WORK TASK → Copy out every record exactly.

MATERIAL SUPPLIED →
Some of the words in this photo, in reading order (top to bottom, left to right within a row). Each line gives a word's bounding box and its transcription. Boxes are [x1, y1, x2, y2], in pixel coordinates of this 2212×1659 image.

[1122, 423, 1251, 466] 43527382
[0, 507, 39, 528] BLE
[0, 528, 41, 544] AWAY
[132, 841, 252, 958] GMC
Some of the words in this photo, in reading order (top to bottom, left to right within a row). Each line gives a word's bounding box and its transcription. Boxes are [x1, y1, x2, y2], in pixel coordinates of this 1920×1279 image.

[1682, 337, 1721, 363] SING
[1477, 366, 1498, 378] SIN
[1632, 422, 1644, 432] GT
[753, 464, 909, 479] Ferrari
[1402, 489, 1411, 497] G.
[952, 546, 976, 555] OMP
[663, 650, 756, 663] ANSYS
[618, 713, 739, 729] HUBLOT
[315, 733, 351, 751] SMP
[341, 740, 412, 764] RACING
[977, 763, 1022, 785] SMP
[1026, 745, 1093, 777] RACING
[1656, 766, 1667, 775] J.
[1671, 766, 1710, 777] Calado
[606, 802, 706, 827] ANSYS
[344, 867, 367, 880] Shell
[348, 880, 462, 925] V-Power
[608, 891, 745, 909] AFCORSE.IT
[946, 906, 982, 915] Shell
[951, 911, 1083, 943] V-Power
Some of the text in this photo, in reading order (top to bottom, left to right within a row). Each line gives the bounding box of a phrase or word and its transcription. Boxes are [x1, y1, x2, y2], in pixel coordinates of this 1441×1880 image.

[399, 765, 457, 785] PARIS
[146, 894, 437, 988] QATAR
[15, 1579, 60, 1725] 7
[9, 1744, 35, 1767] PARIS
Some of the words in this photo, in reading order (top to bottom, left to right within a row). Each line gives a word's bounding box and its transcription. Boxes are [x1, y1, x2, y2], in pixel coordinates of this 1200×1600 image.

RESULT OF THIS TASK →
Some of the words in this photo, in reading order (top to bottom, left to right within a row). Each line gives a word's bounding box and its transcription. Boxes are [x1, y1, x2, y2], in pixel coordinates of this 2212×1659 image.

[1122, 423, 1251, 466] 43527382
[0, 507, 39, 528] BLE
[0, 528, 41, 544] AWAY
[132, 841, 252, 958] GMC
Some of the words in this photo, in reading order (top to bottom, left to right within a row). Each line gives a word's bounding box and its transcription. Boxes are [x1, y1, x2, y2], in pixel coordinates of this 1920×1279 image.

[1682, 337, 1721, 363] SING
[1477, 366, 1498, 378] SIN
[1632, 422, 1644, 432] GT
[753, 464, 909, 479] Ferrari
[1402, 489, 1411, 497] G.
[952, 546, 976, 555] OMP
[663, 650, 756, 663] ANSYS
[618, 713, 739, 729] HUBLOT
[315, 733, 351, 751] SMP
[341, 740, 412, 764] RACING
[977, 763, 1022, 785] SMP
[1026, 745, 1093, 777] RACING
[1656, 766, 1667, 775] J.
[1671, 766, 1710, 777] Calado
[606, 802, 706, 827] ANSYS
[344, 867, 367, 880] Shell
[348, 880, 462, 925] V-Power
[608, 891, 745, 909] AFCORSE.IT
[946, 906, 982, 915] Shell
[951, 911, 1083, 943] V-Power
Some of the text in this photo, in reading order (top to bottom, left to right within a row). Each line gives the bounding box of a phrase or word and its transcription. Boxes are [x1, y1, x2, y2], in pixel coordinates of this 1441×1880 image.

[399, 765, 457, 785] PARIS
[146, 894, 437, 988] QATAR
[15, 1579, 60, 1725] 7
[9, 1744, 35, 1767] PARIS
Some of the words in this photo, in reading order (top to bottom, left to right within a row). Each line gives a word's bounding box and its transcription. Boxes are [x1, y1, x2, y2], in pixel coordinates of this 1200×1600 image.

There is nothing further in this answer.